[Data records Boundary: Start]
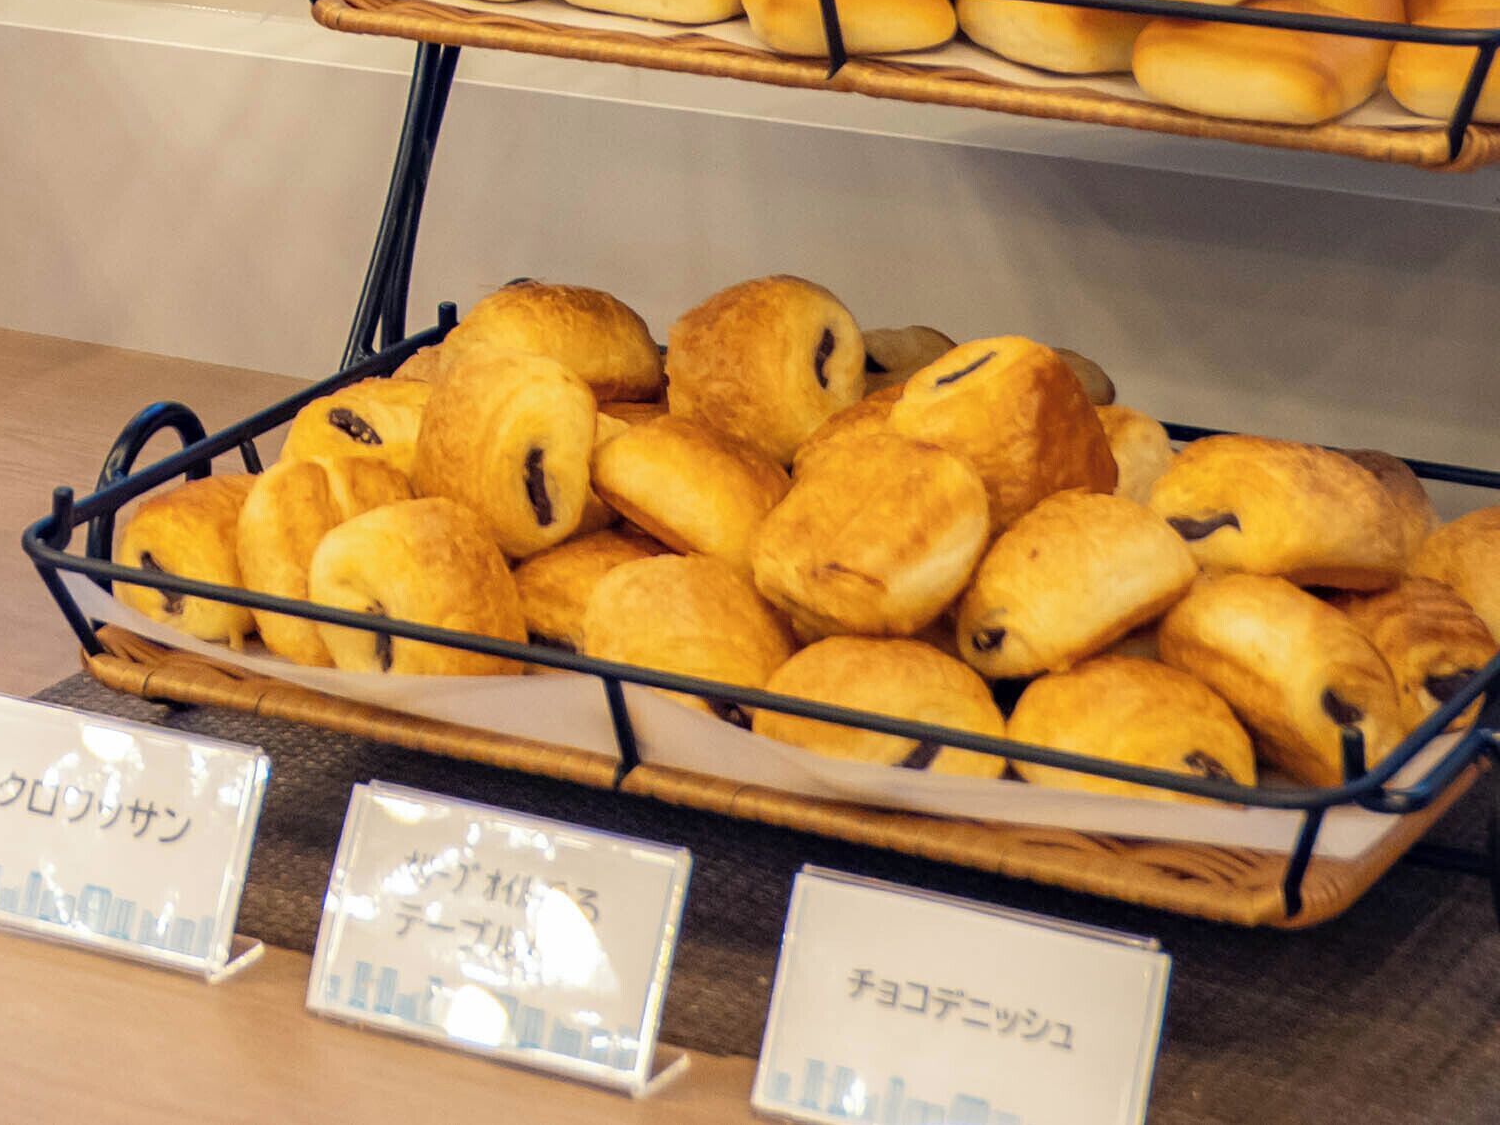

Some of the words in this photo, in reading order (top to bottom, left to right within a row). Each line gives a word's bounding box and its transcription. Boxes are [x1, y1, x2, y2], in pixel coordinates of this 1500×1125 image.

[847, 967, 1076, 1051] チョコデニッシュ
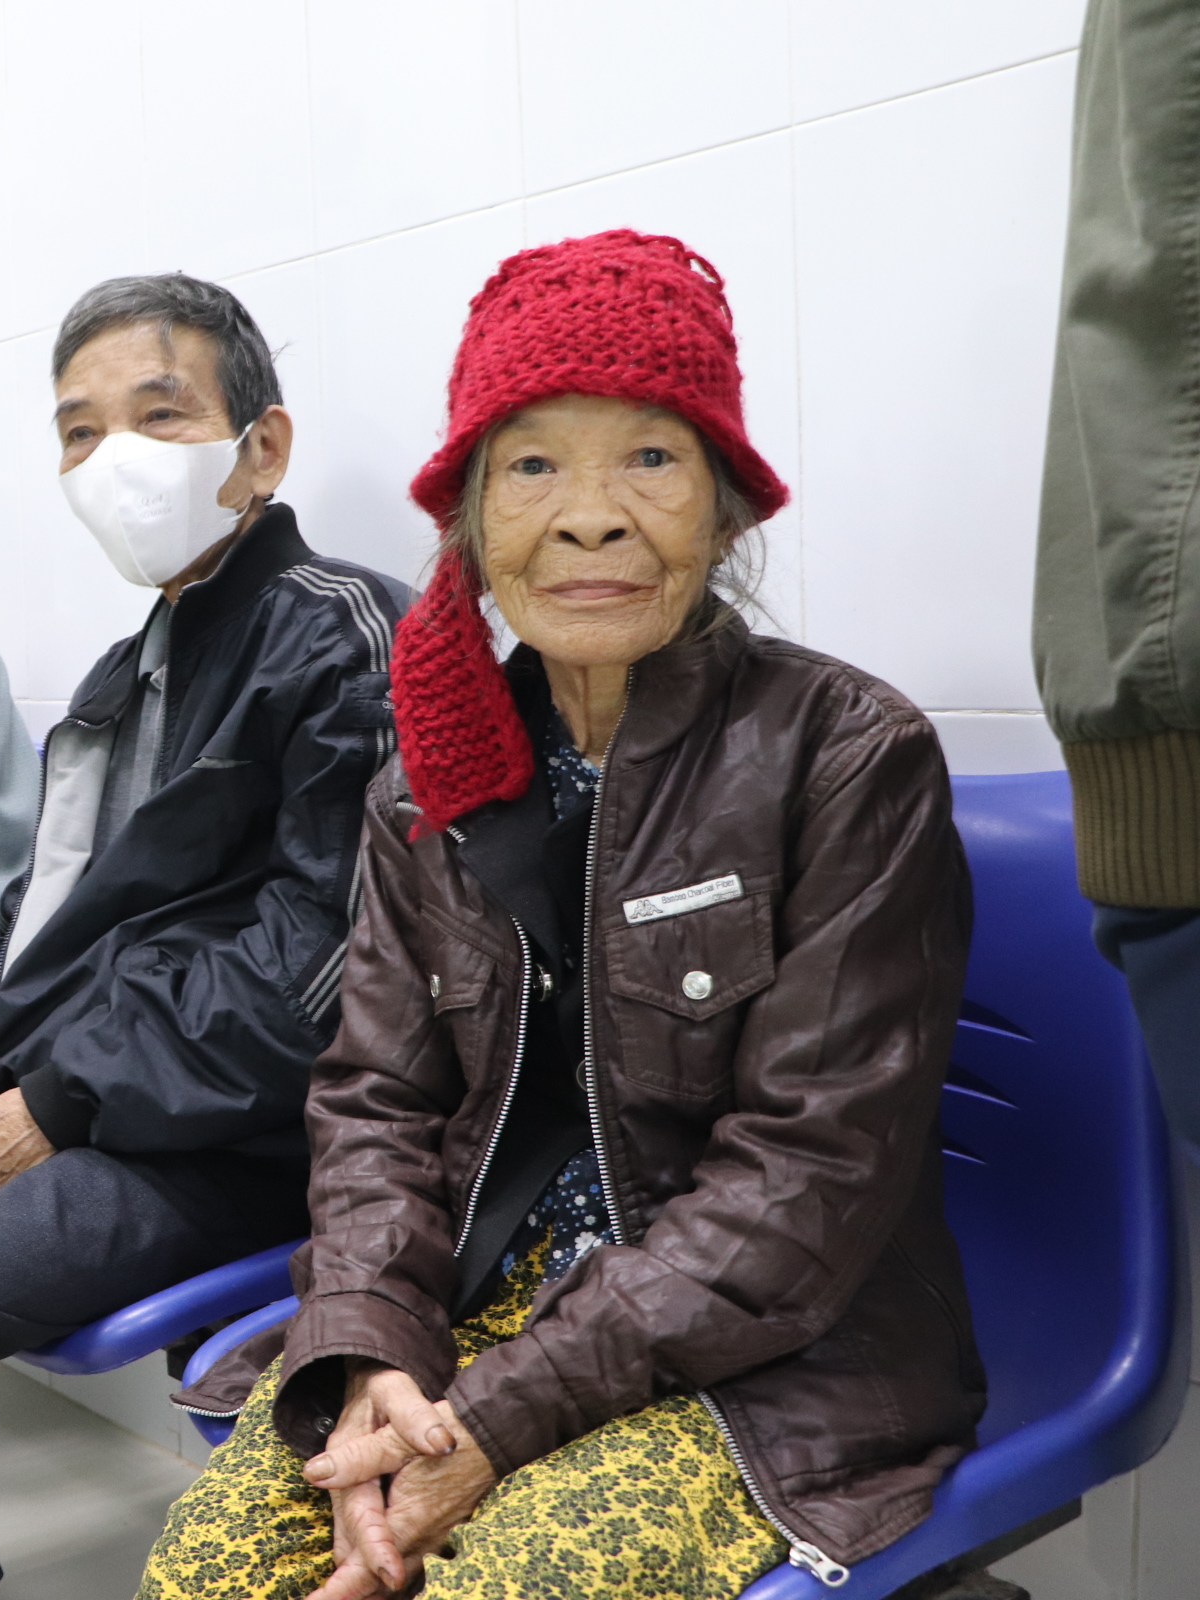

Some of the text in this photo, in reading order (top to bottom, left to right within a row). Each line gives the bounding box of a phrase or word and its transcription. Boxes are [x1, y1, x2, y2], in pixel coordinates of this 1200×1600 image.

[661, 892, 687, 905] Bamboo
[687, 884, 715, 899] Charcoal
[716, 879, 735, 889] Fiber
[Data records Boundary: End]
● **The problem**
Repeat the entries exactly. Any picture is to be left out.

● **Reply**
Some of the words in this photo, in reading order (top to bottom, left to right within a row). Each line gives a word's bounding box and its transcription. Boxes are [x1, y1, x2, y2], in pixel coordinates of this 1500×1125 image.

[847, 967, 1076, 1051] チョコデニッシュ

Some of the text in this photo, in reading order (top to bottom, left to right within a row). Each line gives the bounding box of a phrase or word and its transcription. Boxes are [x1, y1, x2, y2], in pixel coordinates of this 1200×1600 image.

[661, 892, 687, 905] Bamboo
[687, 884, 715, 899] Charcoal
[716, 879, 735, 889] Fiber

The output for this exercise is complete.